Like most young people in the Western world Israel, sadly, may be an exception we knew very little about death, having rarely encountered it, and only thought about it in abstract, philosophical terms. Perhaps because my parents are Holocaust survivors, they were even more anxious to shield us from anything painful.
As we would file back in, minutes later, I would see a different congregation than the one I'd left: The women praying around me had been transformed into sobbing statues with blank faces and far-off looks, transported to a world I could barely imagine.
What had they experienced; what had they suffered? I didn't have a clue, because hardly a word was ever uttered about yizkor, about what was said or what was done in those few moments while I was away.
AND NOW, here I was on this last day of Pessah, in my 50th year, standing shoulder-to-shoulder with my three daughters, reciting yizkor for our beloved Ari. How I wished I could push my own kids out the door!
I watched painfully as our youngest, only 10 years old, slowly read the short prayer asking God to embrace Ari in the World to Come, and I thought: A 10-year-old doesn't belong here. The unfamiliar text in small print was hard enough to read without having to battle the tears filling my eyes.
And then, the dreaded spot in the prayer where the deceased's name is mentioned and his relationship to the reader indicated jumped out at me. My mouth had never uttered a more obscene phrase as I whispered B'ni, my son in that yizkor prayer.My son?!
My heart yearned to be that little girl again, the one who had to be dragged back into services from the shul playground, or from chatting and laughing with girlfriends.

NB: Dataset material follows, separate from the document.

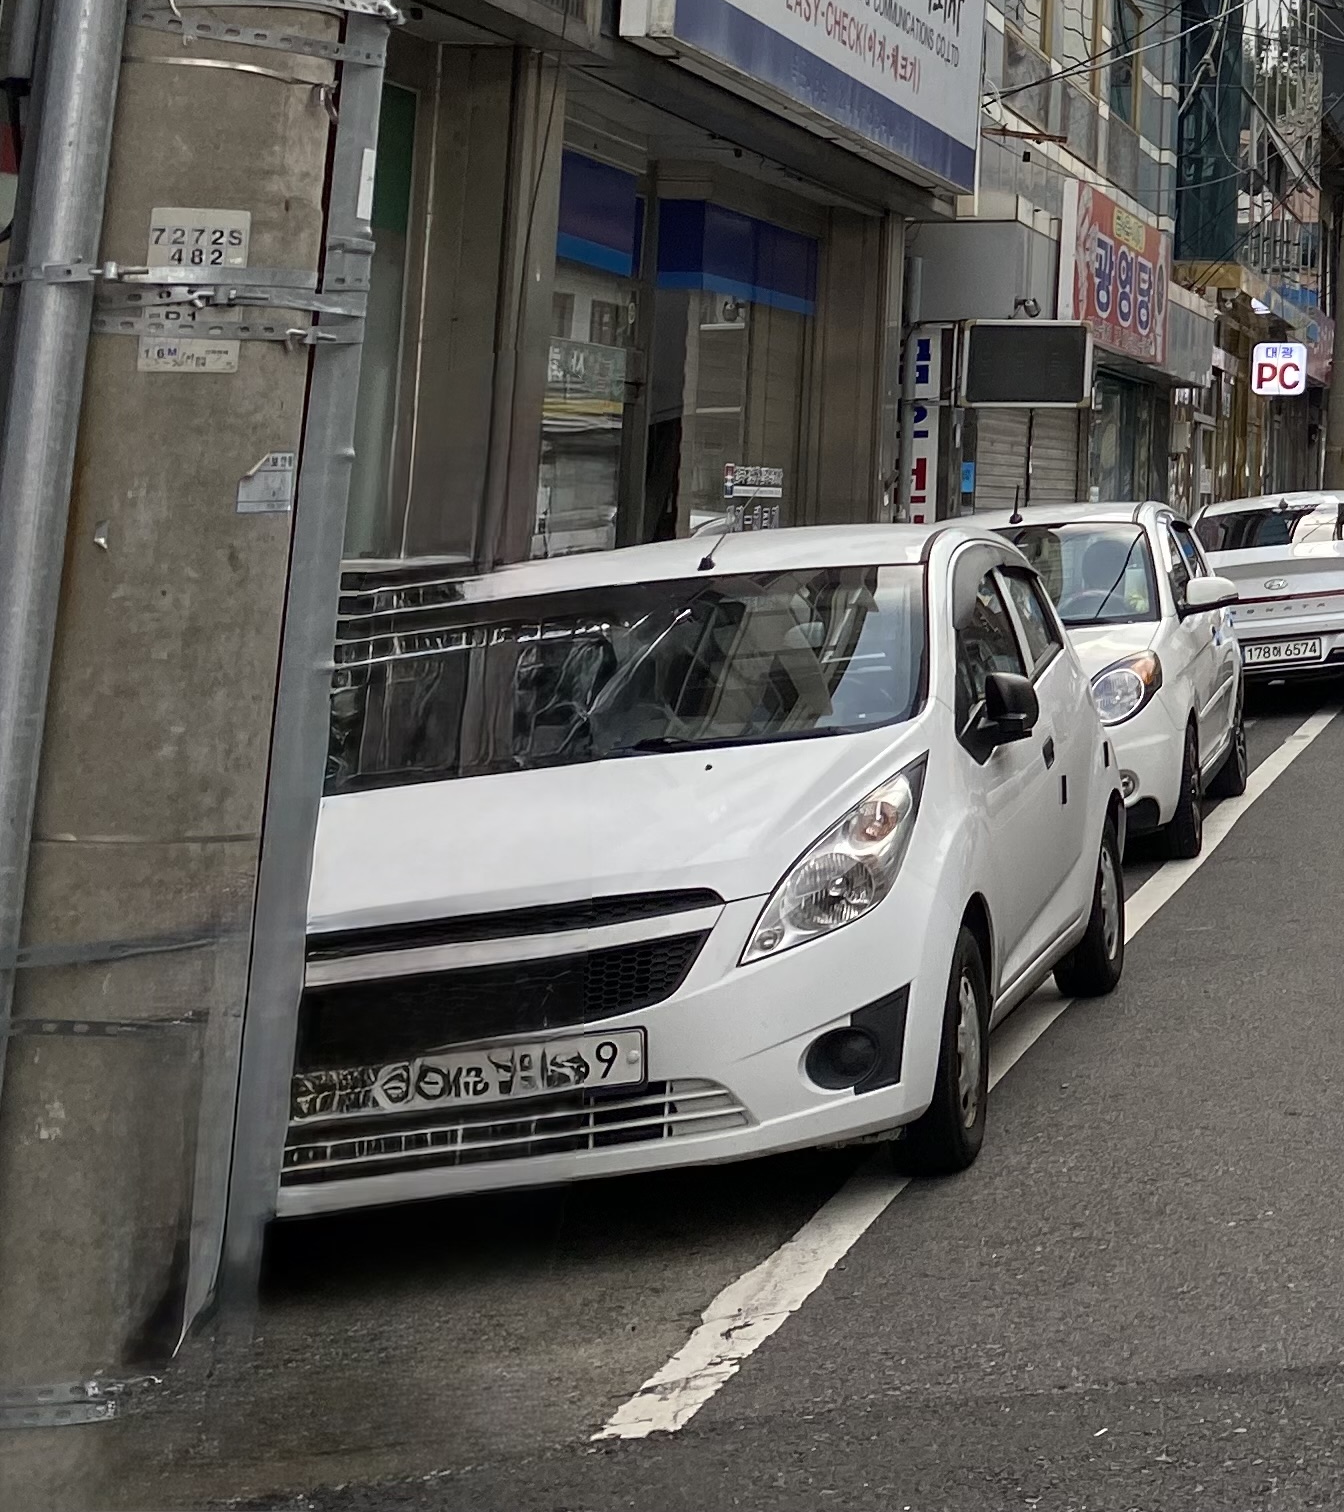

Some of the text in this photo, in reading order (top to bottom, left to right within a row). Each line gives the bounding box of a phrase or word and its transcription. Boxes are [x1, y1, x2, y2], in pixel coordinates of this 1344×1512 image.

Alas, I'm all grown up now, far removed altogether too far removed from the protective bubble of the home in which I grew up. Now I am the parent, charged with the responsibility to love and protect my family with every breath. I chose of my own free will to come to Israel and be part of the redemption of our nation. Twelve years ago, trying to explain the "absurdity" of our aliya to family and friends, I vividly recall saying, "I know what I'm getting myself into." Yet in shul on that day, I realized how naive I had been; I had had no concept whatsoever of what I was getting myself into.
I am rarely at a loss for words, yet there is one question I am continually asked for which I have no response: "Do you regret moving to Israel?" My heart beats faster, my mind races and my mouth opens, but no words come out. What can somebody say yes? No?
My son is gone, and here I am, beginning a lifetime of staying in for yizkor. Suspended between life and death, somewhere between this world and the next, I stand there praying, crying, longing for that sweet, smiling little boy with the pure heart and innocent grin, the boy who put an extra NIS 50 in his tzedaka box before every mission.
The hurt I feel is mixed with unabashed pride that Ari did what had to be done to protect his fellow soldiers, his family and his people. He gave everything in defense of this ancient, modern land that is the legacy of every Jew.
Dear God, as I now join, forever, the other mothers at yizkor time, I pray that You will close this exclusive club to which no one wants to belong, and that young people will no longer have to struggle with yizkor's devastating words. Oh, and if it's not too much to ask, will You give Ari a kiss for me?
The writer is the mother of Sgt. Ari Weiss, who fell in battle on September 30, 2002.

WARNING: This is a high volume ping list
When God calls us, we answer, wherever we are.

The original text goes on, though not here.